● ASSIGNMENT:
All of the data below should be printed again exactly, pictures excluded.
◆ ◆ ◆ ◆ ◆
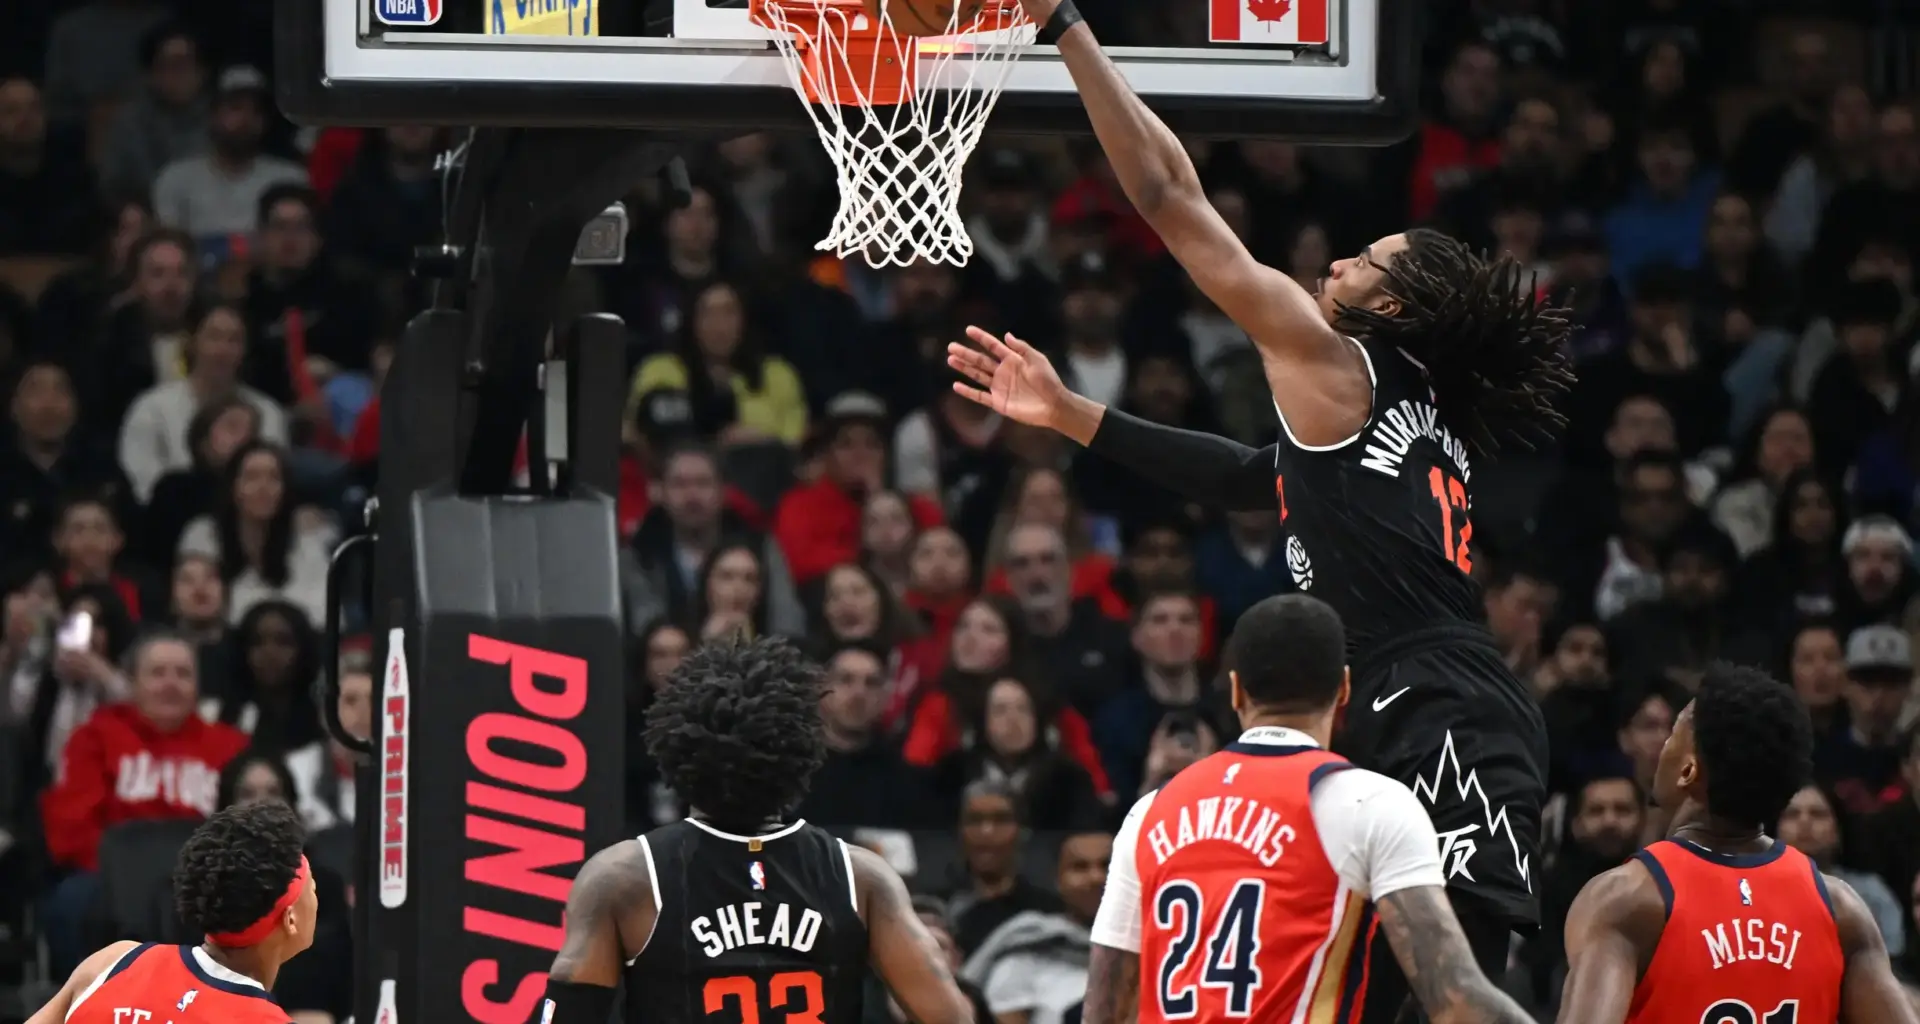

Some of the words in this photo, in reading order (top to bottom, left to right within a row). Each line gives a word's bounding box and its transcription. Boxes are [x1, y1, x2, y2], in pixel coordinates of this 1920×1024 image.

[386, 0, 417, 15] NBA
[1428, 466, 1472, 575] 12
[384, 695, 405, 881] PRIME
[461, 633, 588, 1024] POINTS
[1147, 796, 1296, 867] HAWKINS
[690, 902, 822, 957] SHEAD
[1153, 878, 1266, 1021] 24
[1701, 918, 1802, 970] MISSI
◆ ◆ ◆ ◆ ◆
● TASK ANSWER:
Some of the words in this photo, in reading order (top to bottom, left to right within a row). Each line gives a word's bounding box and its transcription. Boxes are [x1, y1, x2, y2], in pixel coordinates of this 1920×1024 image.

[386, 0, 417, 15] NBA
[1428, 466, 1472, 575] 12
[384, 695, 405, 881] PRIME
[461, 633, 588, 1024] POINTS
[1147, 796, 1296, 867] HAWKINS
[690, 902, 822, 957] SHEAD
[1153, 878, 1266, 1021] 24
[1701, 918, 1802, 970] MISSI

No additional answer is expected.